Start of Supplied material

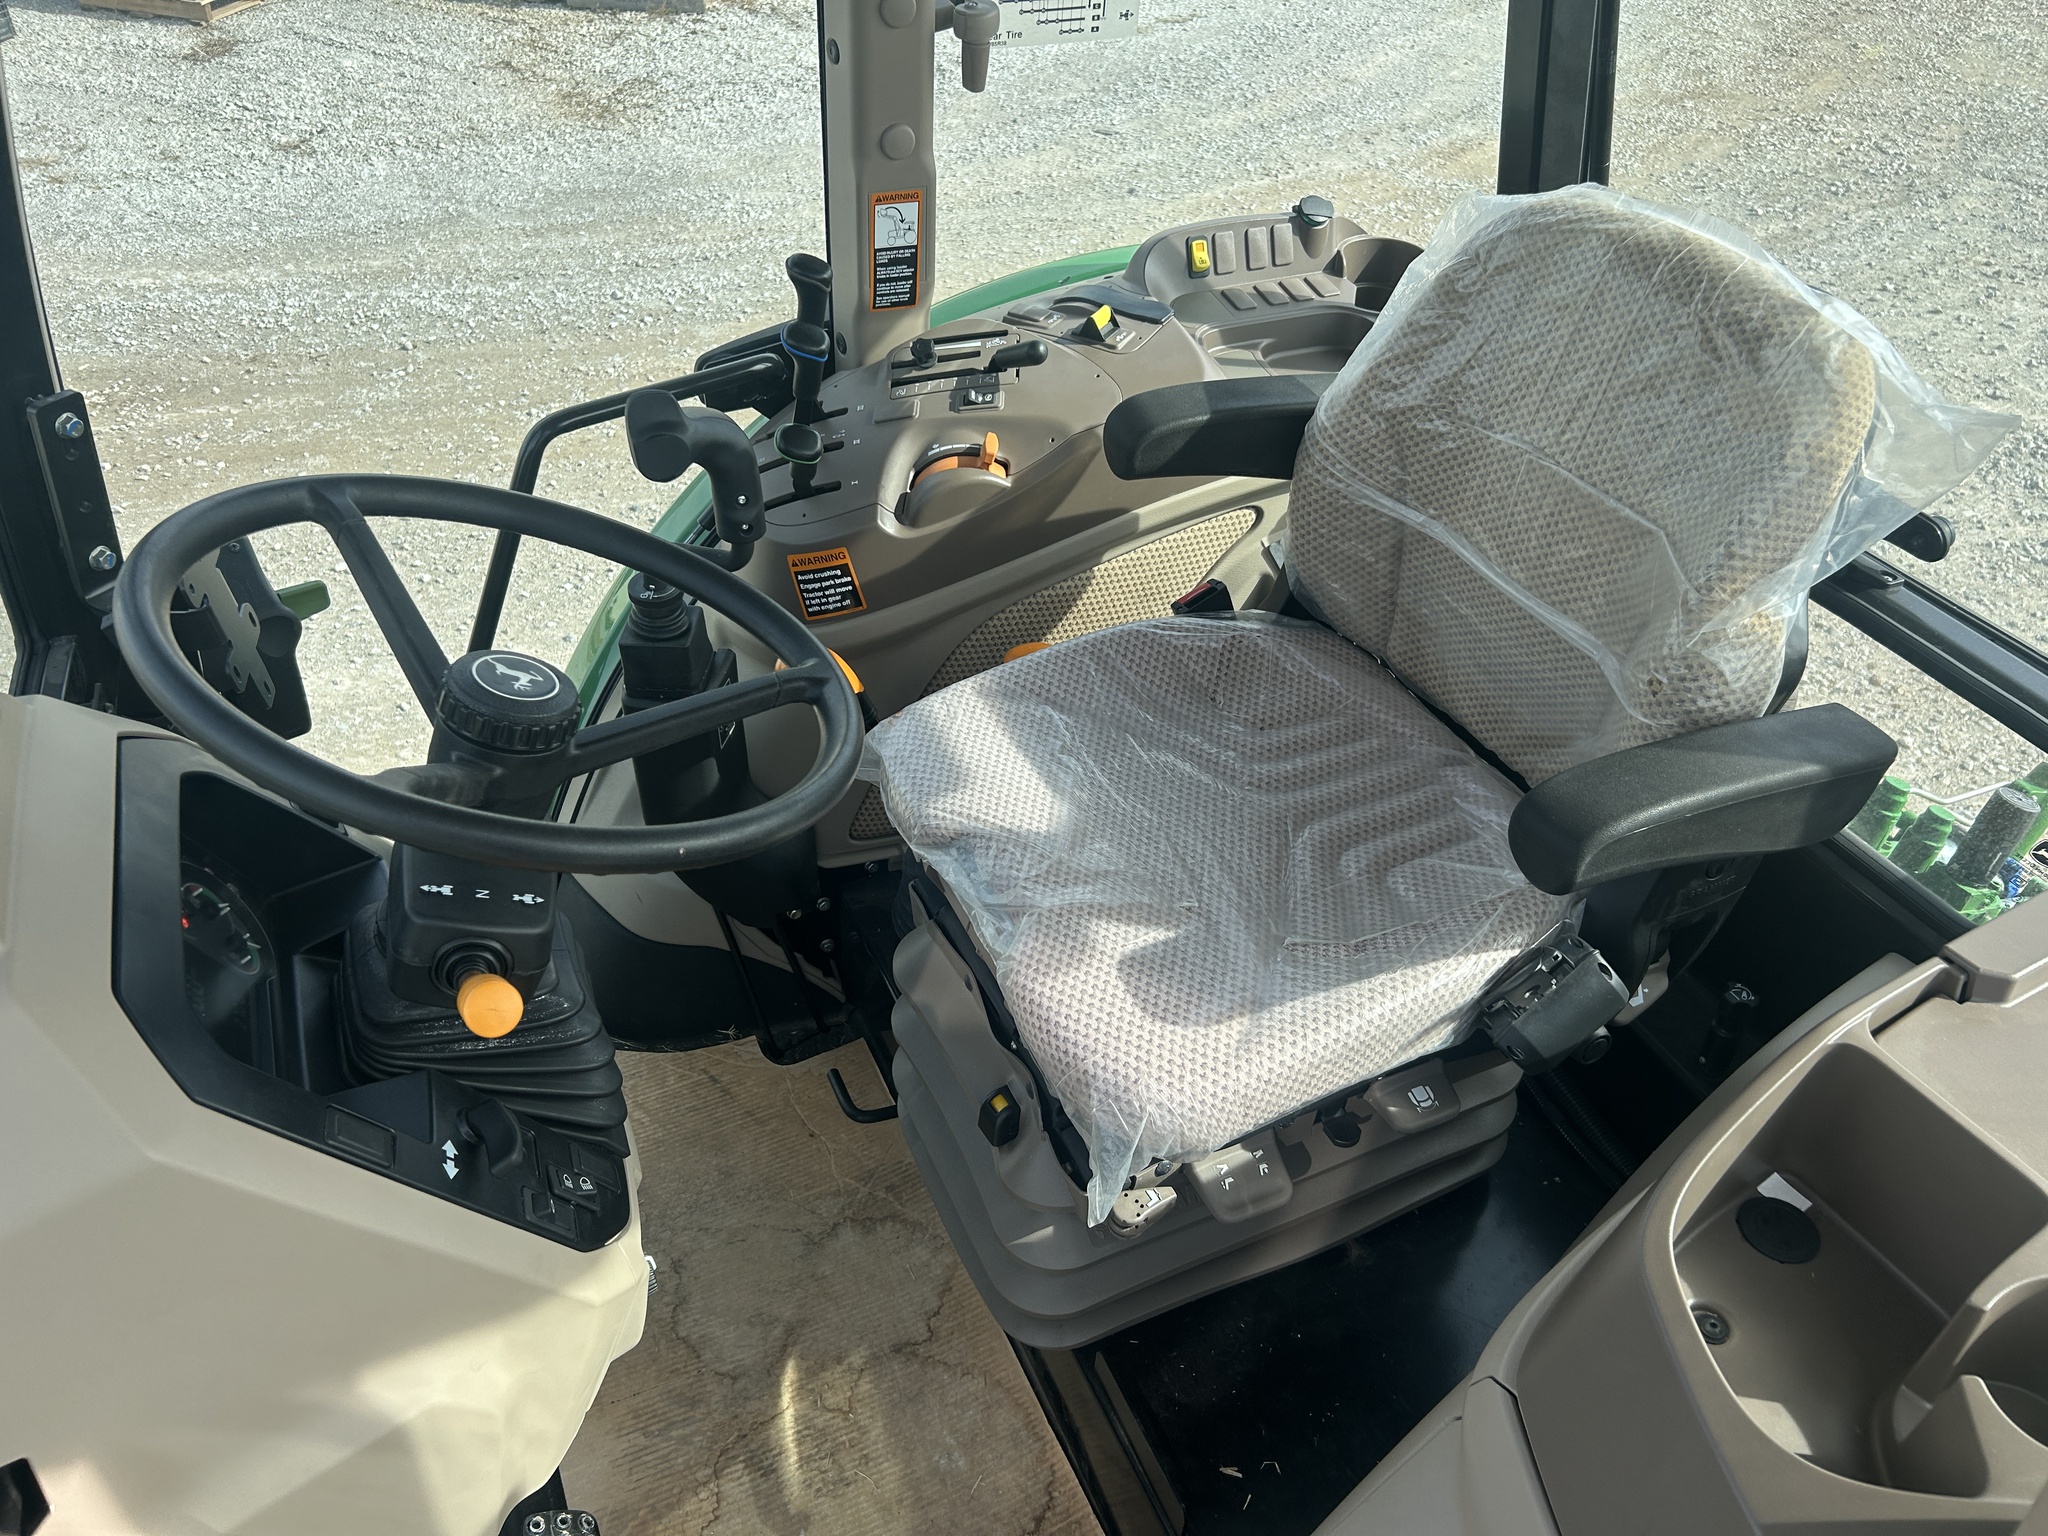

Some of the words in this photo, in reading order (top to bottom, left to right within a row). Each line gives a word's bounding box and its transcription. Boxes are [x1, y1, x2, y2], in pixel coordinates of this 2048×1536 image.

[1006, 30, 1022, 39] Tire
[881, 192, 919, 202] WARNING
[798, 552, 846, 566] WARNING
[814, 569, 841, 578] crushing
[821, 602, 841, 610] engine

End of Supplied material

- [Work order]: Restate each line of the records exactly; pictures do not belong in the copy.

- [Written solution]:
Some of the words in this photo, in reading order (top to bottom, left to right within a row). Each line gives a word's bounding box and its transcription. Boxes are [x1, y1, x2, y2], in pixel coordinates of this 2048×1536 image.

[1006, 30, 1022, 39] Tire
[881, 192, 919, 202] WARNING
[798, 552, 846, 566] WARNING
[814, 569, 841, 578] crushing
[821, 602, 841, 610] engine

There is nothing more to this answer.